> INSTRUCTIONS TO FOLLOW:
When you copy the data that follows, reproduce every word exactly and leave out the images.

Collected data:
══════════════════════════════
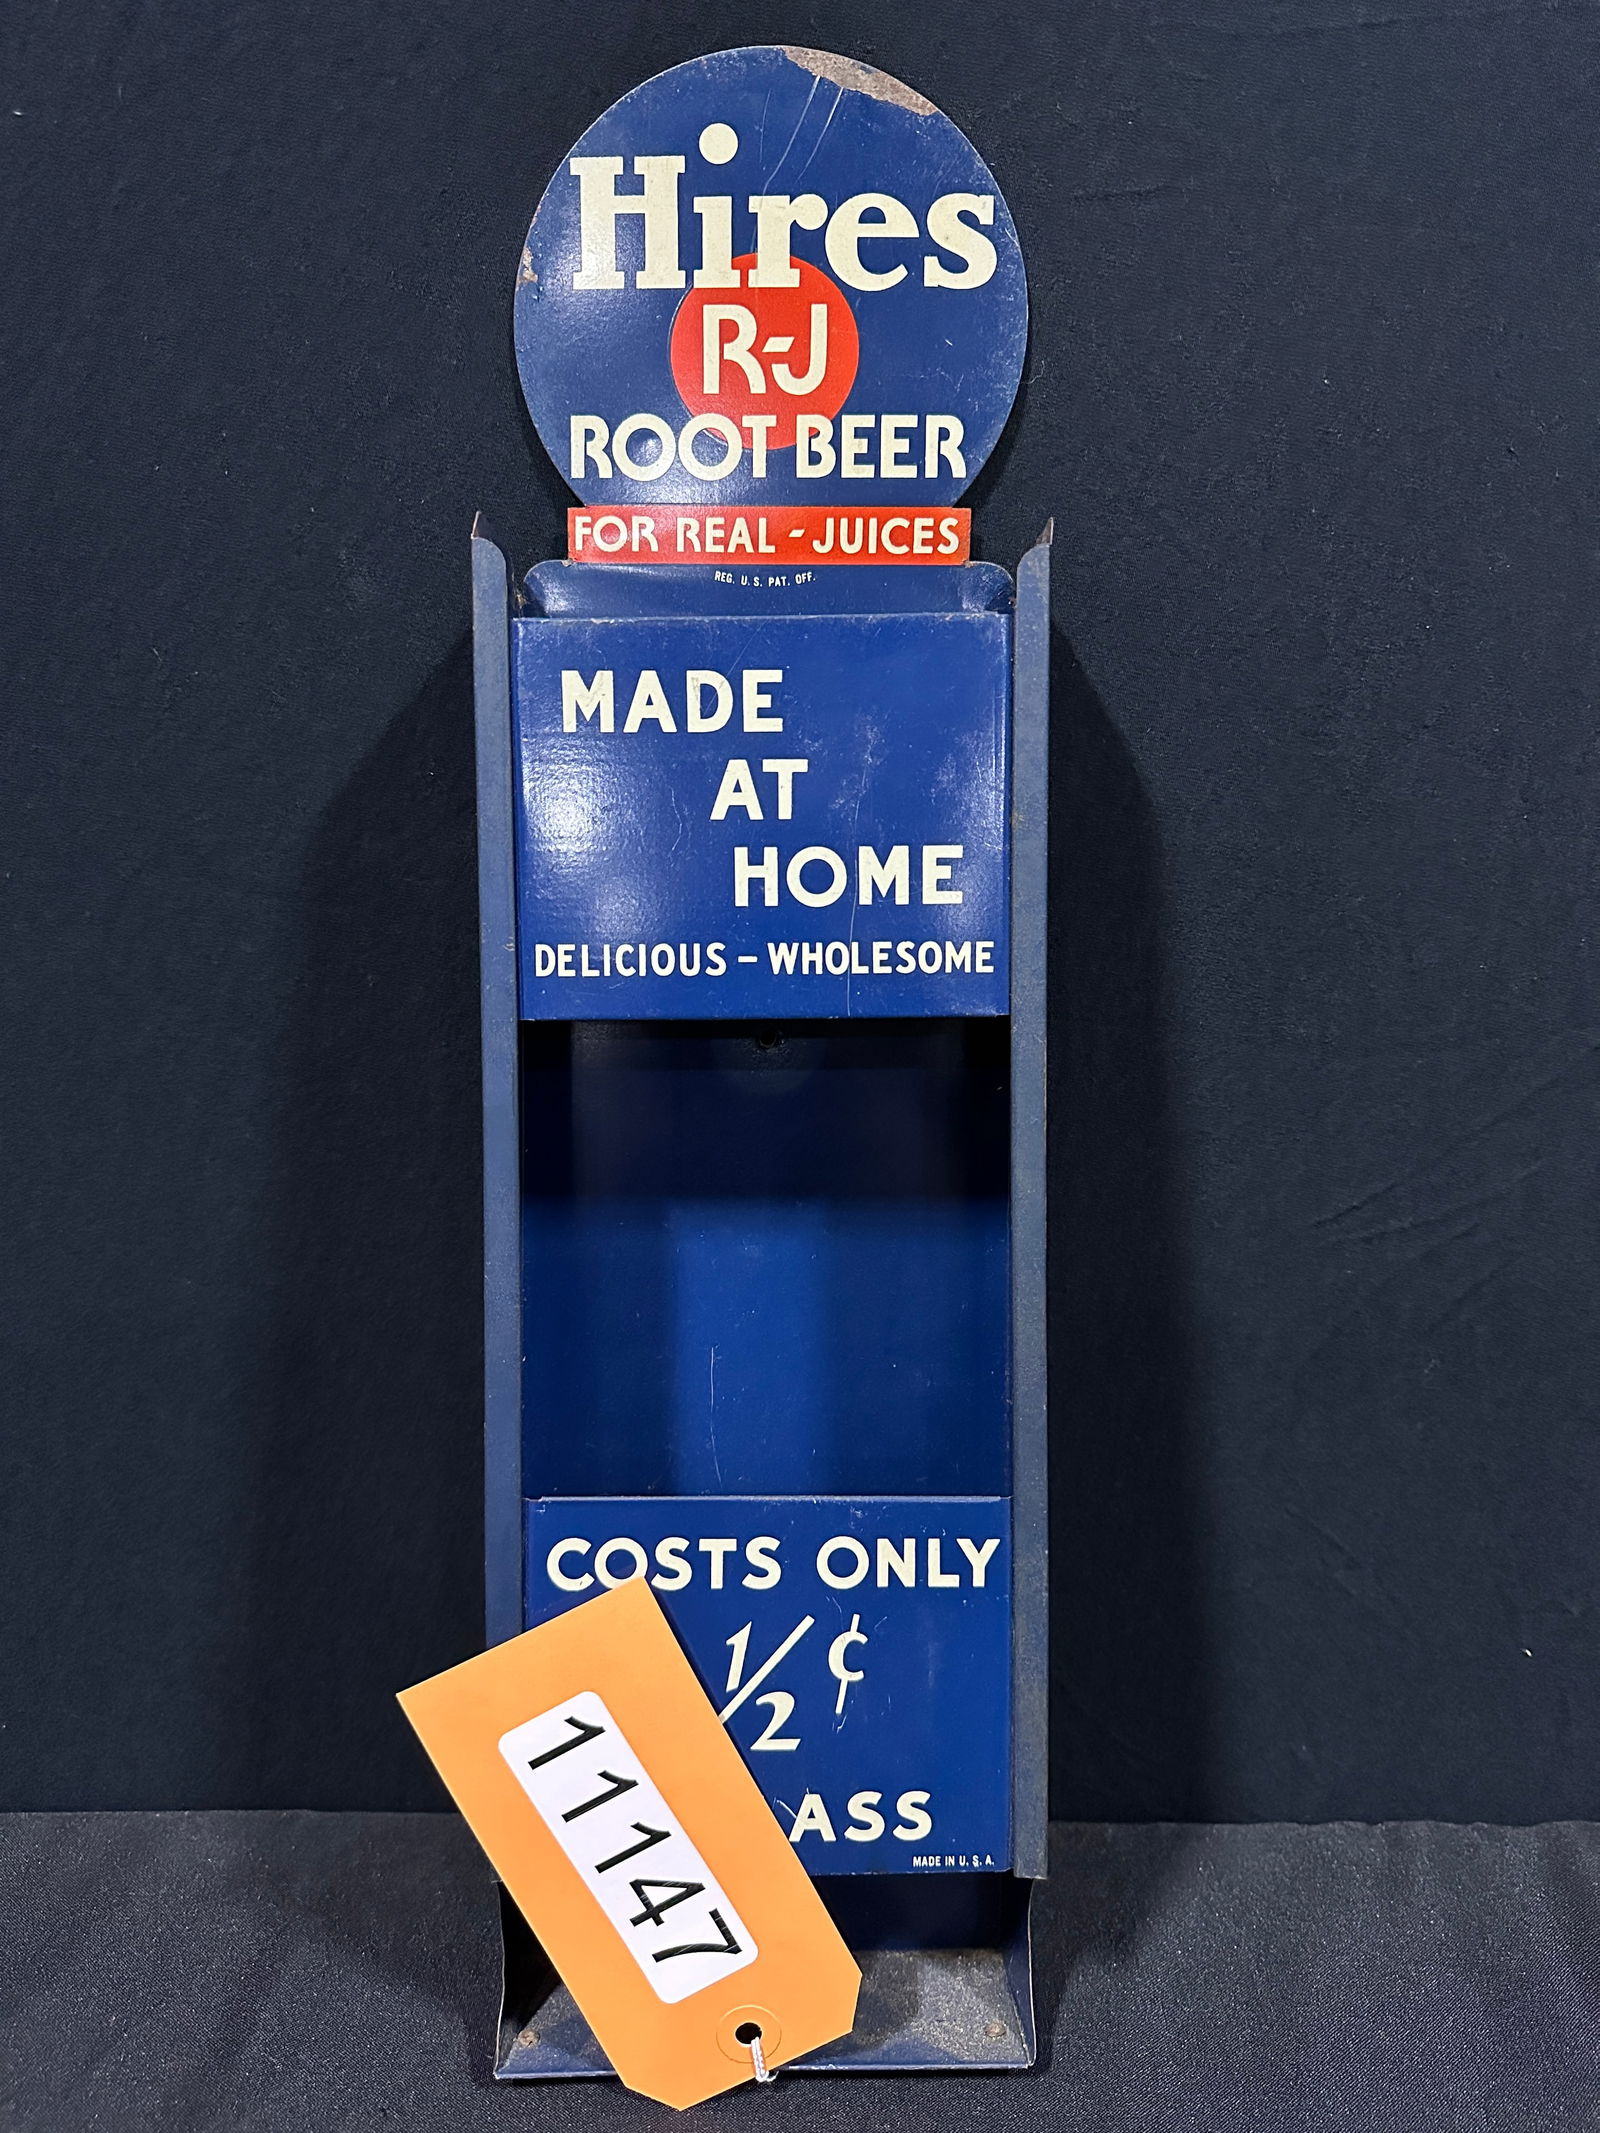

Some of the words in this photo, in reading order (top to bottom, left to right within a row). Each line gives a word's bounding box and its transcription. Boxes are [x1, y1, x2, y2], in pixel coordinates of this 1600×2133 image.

[569, 123, 998, 291] Hires
[702, 304, 828, 396] R-J
[570, 413, 777, 482] ROOT
[796, 414, 967, 479] BEER
[575, 514, 659, 553] FOR
[676, 515, 776, 554] REAL
[812, 516, 960, 554] JUICES
[714, 570, 735, 585] REG.
[768, 575, 791, 587] PAT.
[795, 571, 816, 585] OFF.
[562, 669, 784, 734] MADE
[710, 758, 808, 820] AT
[733, 844, 964, 907] HOME
[534, 942, 727, 978] DELICIOUS
[768, 940, 995, 975] WHOLESOME
[546, 1536, 781, 1592] COSTS
[816, 1536, 1000, 1589] ONLY
[527, 1715, 743, 1963] 11147
[789, 1790, 932, 1843] ASS
[912, 1855, 942, 1868] MADE
[944, 1855, 956, 1867] IN
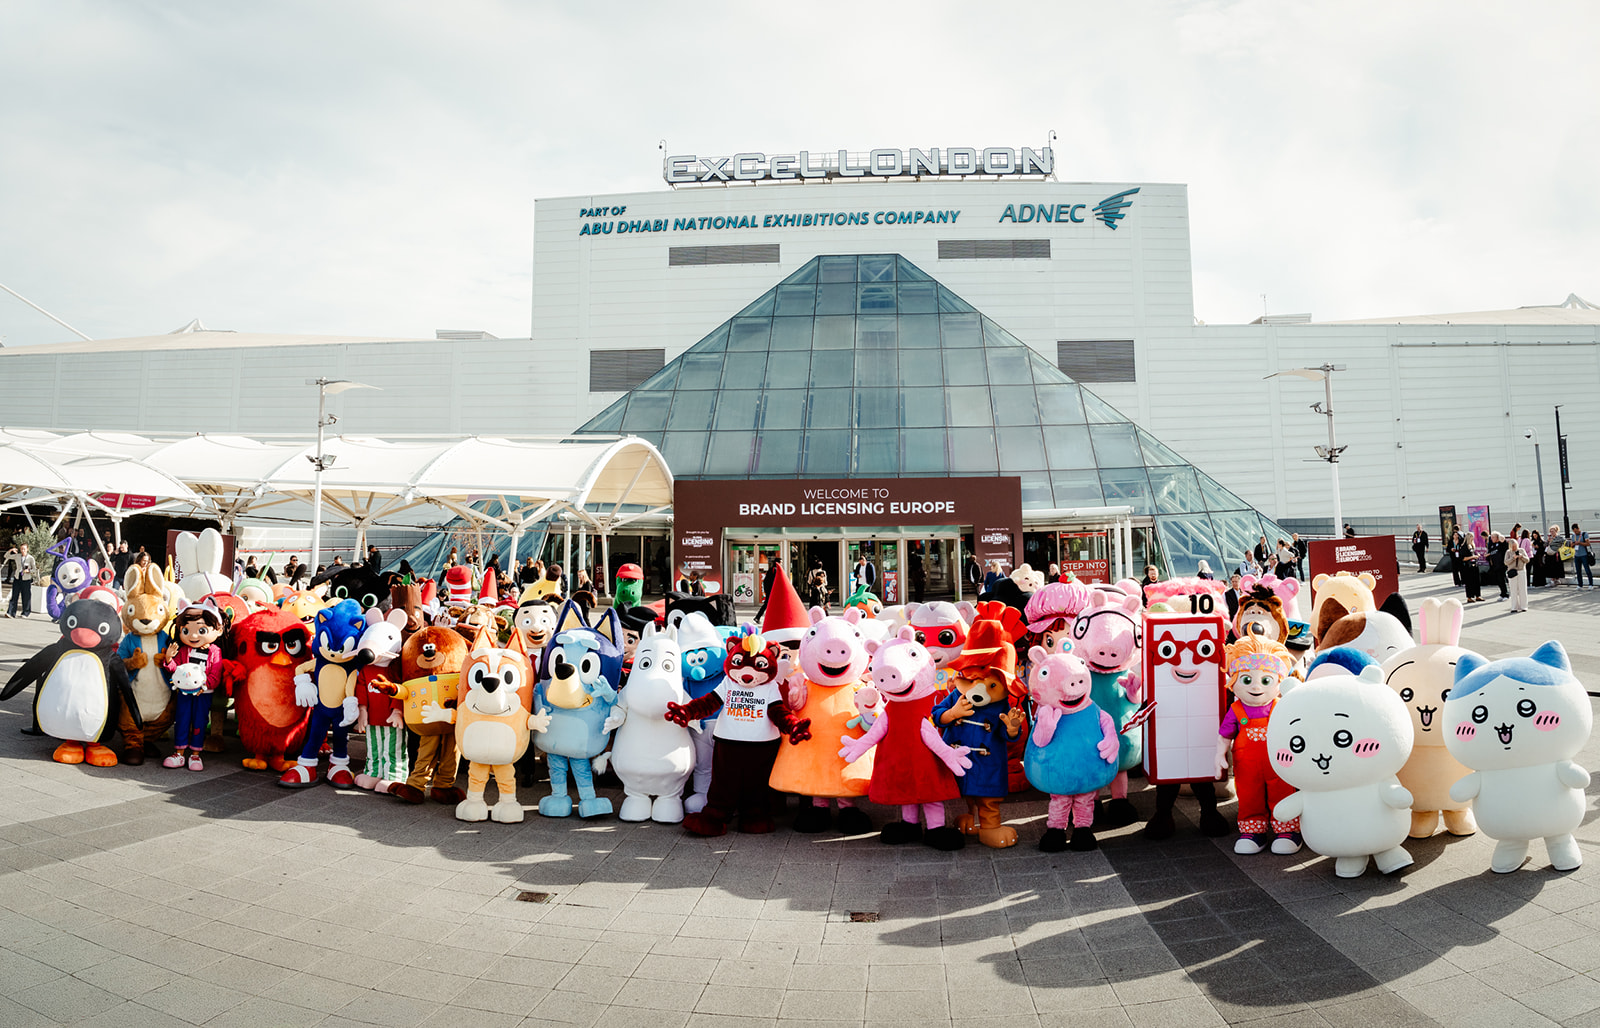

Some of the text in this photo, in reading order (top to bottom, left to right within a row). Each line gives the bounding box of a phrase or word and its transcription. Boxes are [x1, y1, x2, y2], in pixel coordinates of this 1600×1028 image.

[837, 146, 1052, 177] LONDON
[579, 205, 627, 217] PART OF
[999, 203, 1087, 223] ADNEC
[579, 209, 961, 236] ABU DHABI NATIONAL EXHIBITIONS COMPANY
[803, 488, 890, 500] WELCOME TO
[739, 501, 956, 515] BRAND LICENSING EUROPE
[682, 537, 714, 545] LICENSING
[1062, 561, 1107, 571] STEP INTO
[1188, 593, 1214, 615] 10
[730, 702, 756, 710] EUROPE
[731, 696, 765, 705] LICENSING
[727, 707, 763, 719] MABLE
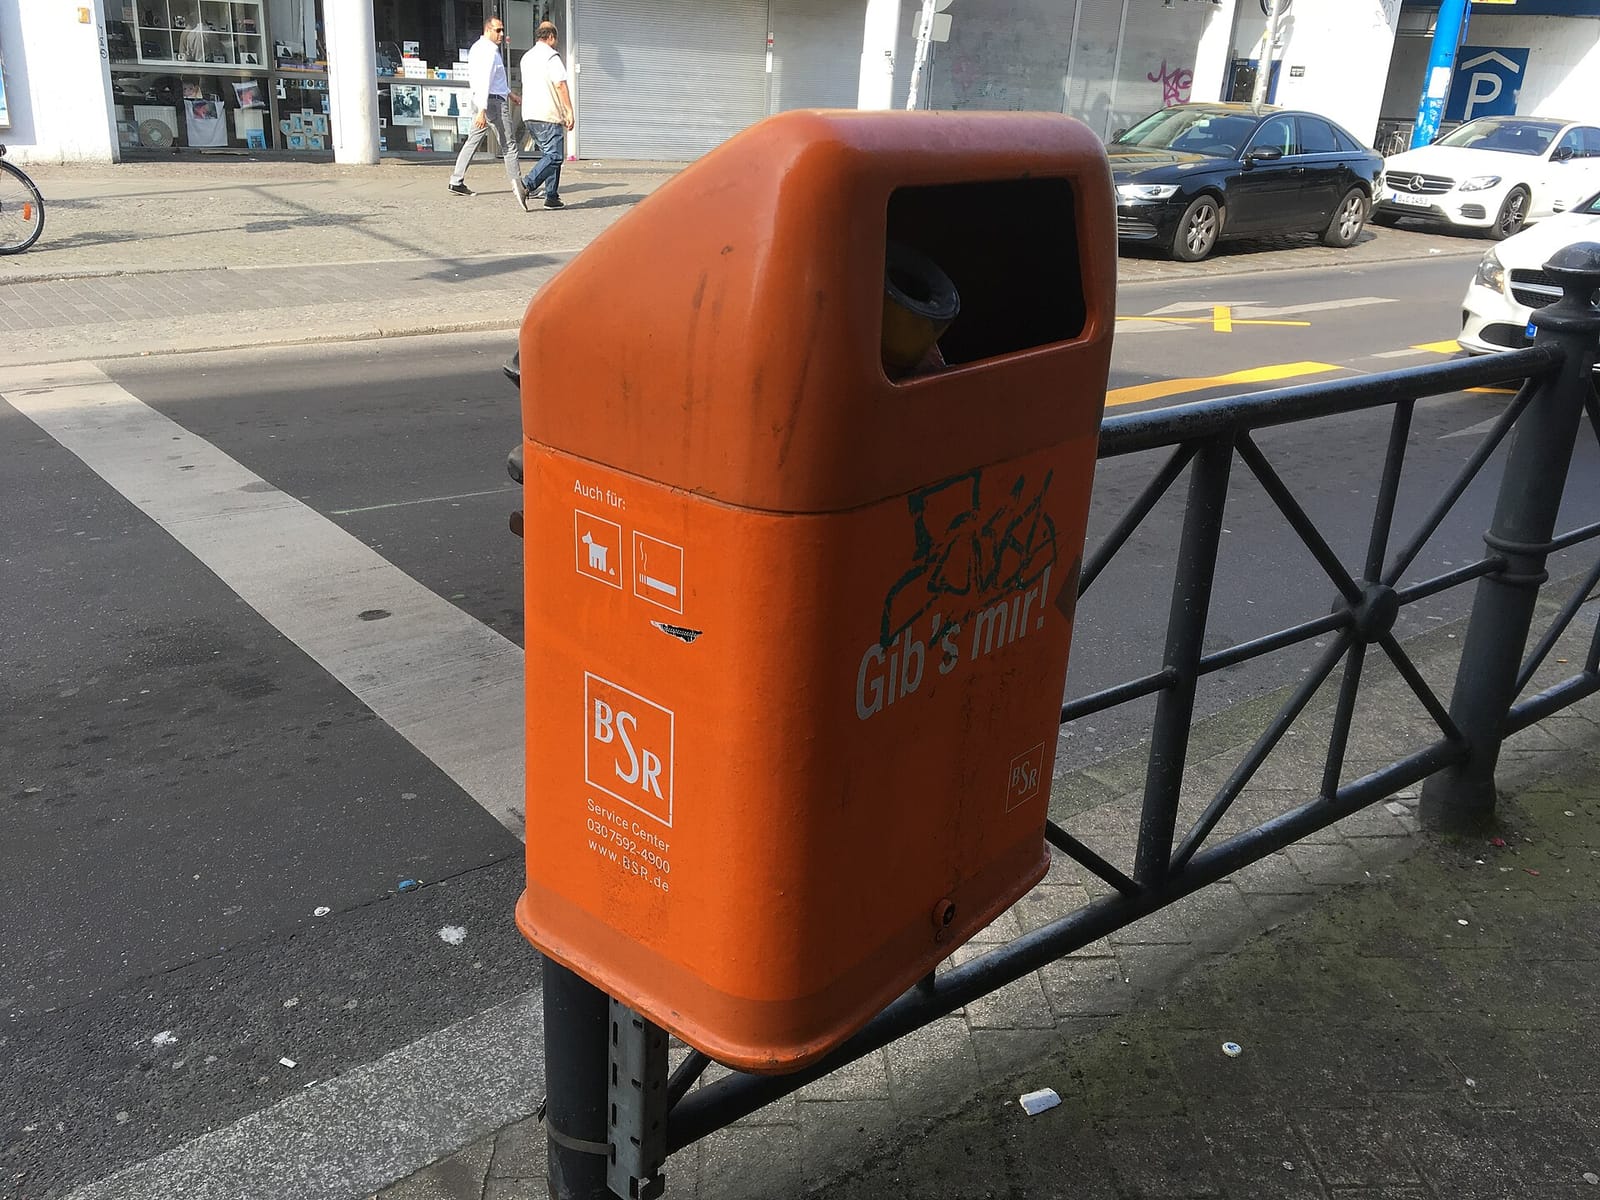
══════════════════════════════
> PROBLEM SOLUTION:
Some of the words in this photo, in reading order (top to bottom, left to right within a row). Each line gives a word's bounding box and its transcription. Boxes are [x1, y1, x2, y2], in pixel coordinates of this 1600×2133 image.

[569, 123, 998, 291] Hires
[702, 304, 828, 396] R-J
[570, 413, 777, 482] ROOT
[796, 414, 967, 479] BEER
[575, 514, 659, 553] FOR
[676, 515, 776, 554] REAL
[812, 516, 960, 554] JUICES
[714, 570, 735, 585] REG.
[768, 575, 791, 587] PAT.
[795, 571, 816, 585] OFF.
[562, 669, 784, 734] MADE
[710, 758, 808, 820] AT
[733, 844, 964, 907] HOME
[534, 942, 727, 978] DELICIOUS
[768, 940, 995, 975] WHOLESOME
[546, 1536, 781, 1592] COSTS
[816, 1536, 1000, 1589] ONLY
[527, 1715, 743, 1963] 11147
[789, 1790, 932, 1843] ASS
[912, 1855, 942, 1868] MADE
[944, 1855, 956, 1867] IN

Some of the text in this photo, in reading order (top to bottom, left to right within a row). Each line gives the bounding box of a phrase or word and its transcription. Boxes are [x1, y1, x2, y2], in pixel coordinates of this 1600×1028 image.

[837, 146, 1052, 177] LONDON
[579, 205, 627, 217] PART OF
[999, 203, 1087, 223] ADNEC
[579, 209, 961, 236] ABU DHABI NATIONAL EXHIBITIONS COMPANY
[803, 488, 890, 500] WELCOME TO
[739, 501, 956, 515] BRAND LICENSING EUROPE
[682, 537, 714, 545] LICENSING
[1062, 561, 1107, 571] STEP INTO
[1188, 593, 1214, 615] 10
[730, 702, 756, 710] EUROPE
[731, 696, 765, 705] LICENSING
[727, 707, 763, 719] MABLE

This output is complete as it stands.